Records to use: Begin
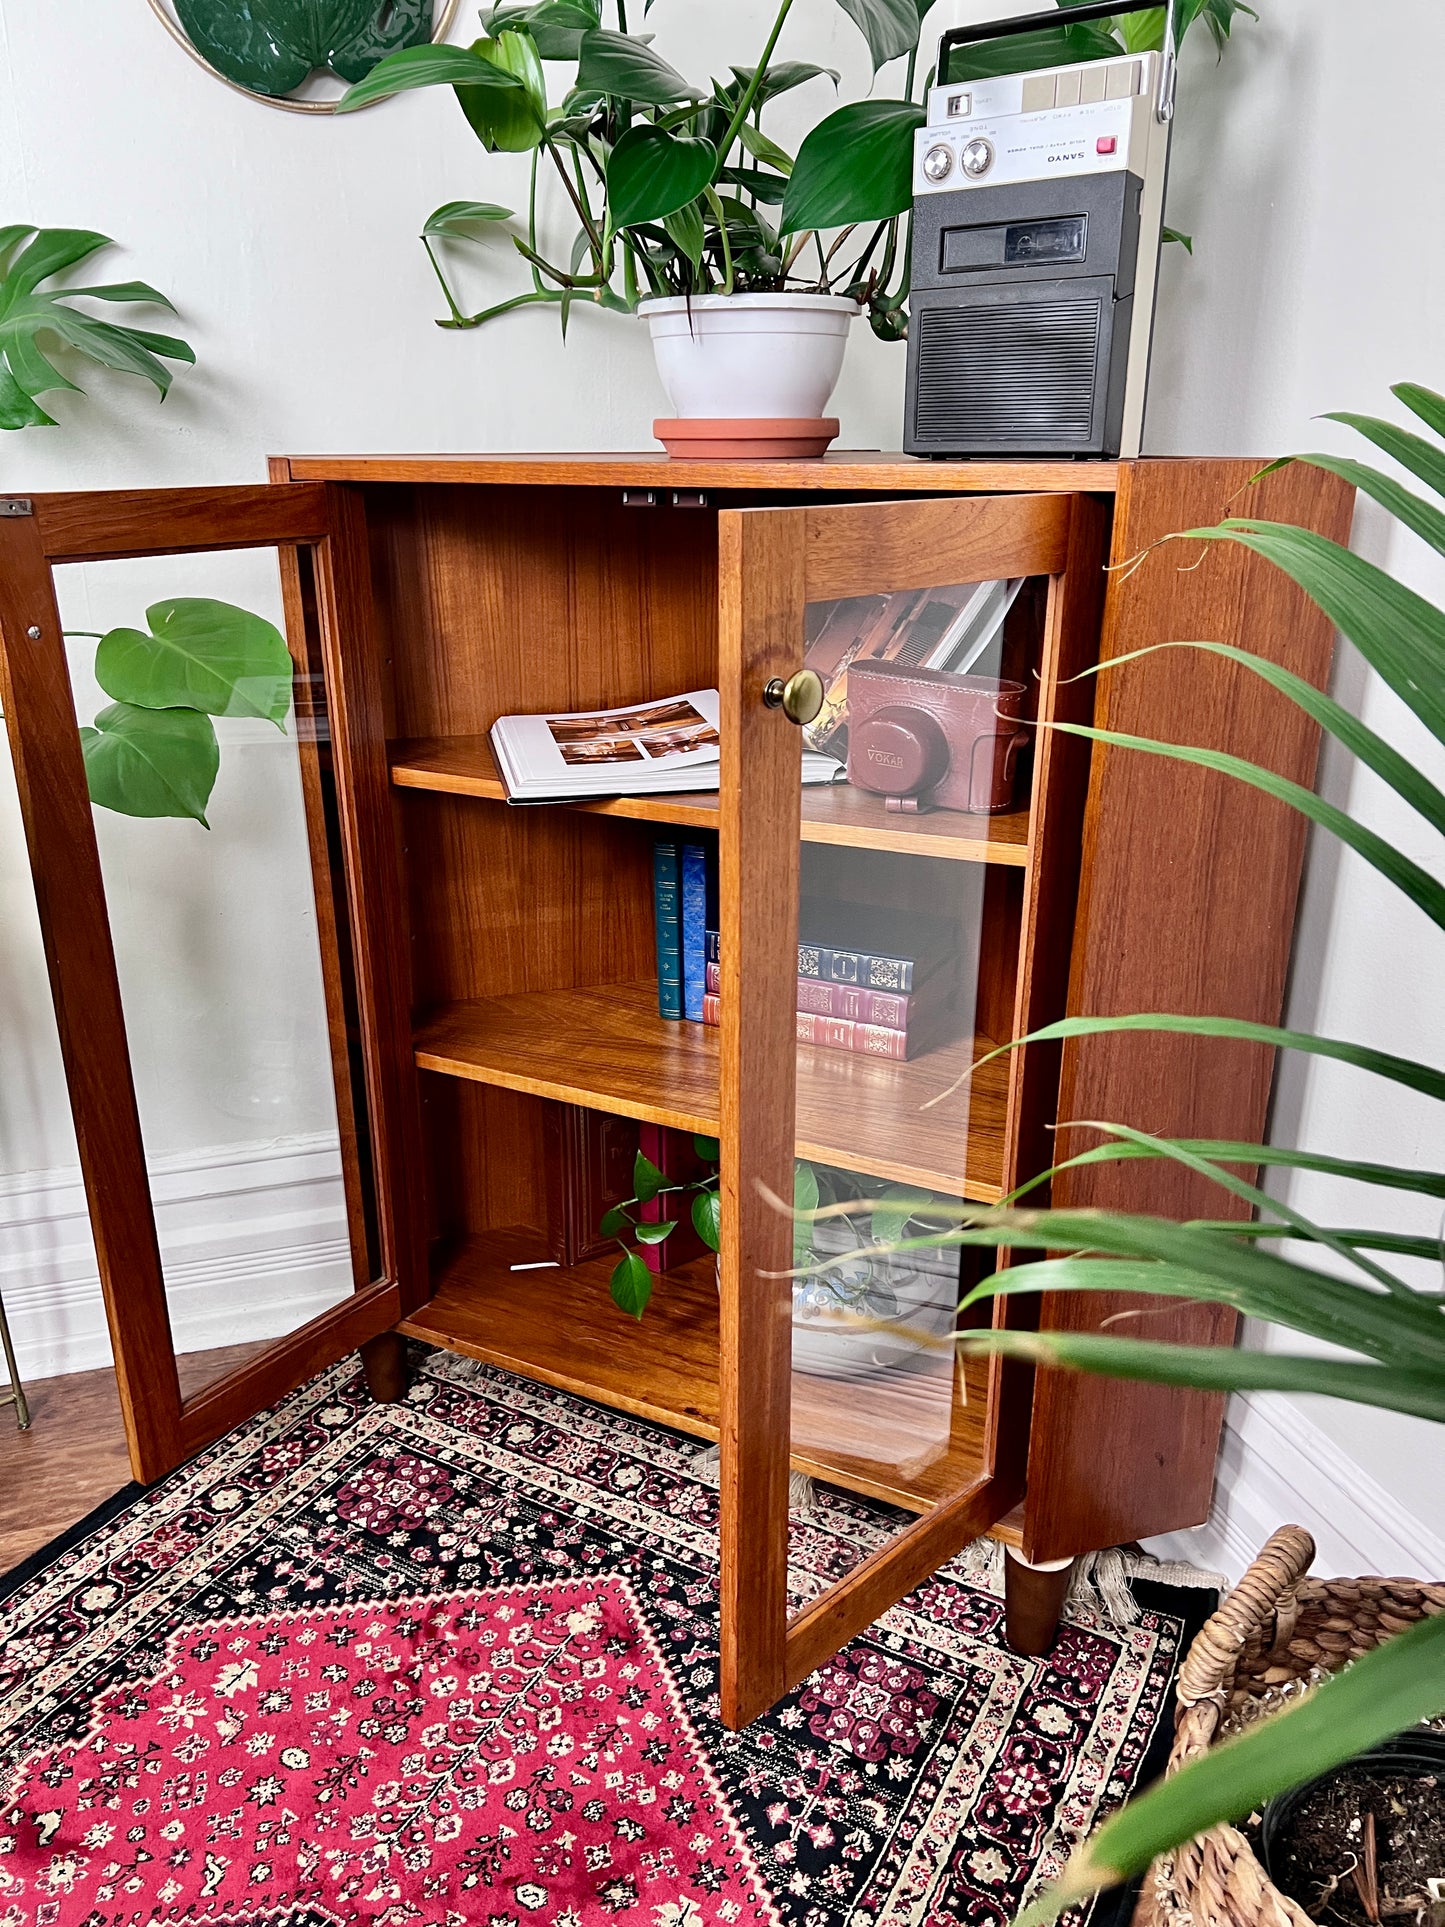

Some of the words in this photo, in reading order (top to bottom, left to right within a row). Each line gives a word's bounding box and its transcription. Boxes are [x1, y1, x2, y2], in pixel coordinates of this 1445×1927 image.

[969, 124, 988, 132] TONE
[929, 130, 951, 138] VOLUME
[1047, 152, 1085, 162] SANYO
[868, 749, 904, 767] VOKAR
Records to use: End
Without including any pictures, return every line of the records exactly.

▶ [Exercise response]
Some of the words in this photo, in reading order (top to bottom, left to right within a row). Each line gives a word's bounding box and its transcription. Boxes are [x1, y1, x2, y2], in pixel coordinates of this 1445×1927 image.

[969, 124, 988, 132] TONE
[929, 130, 951, 138] VOLUME
[1047, 152, 1085, 162] SANYO
[868, 749, 904, 767] VOKAR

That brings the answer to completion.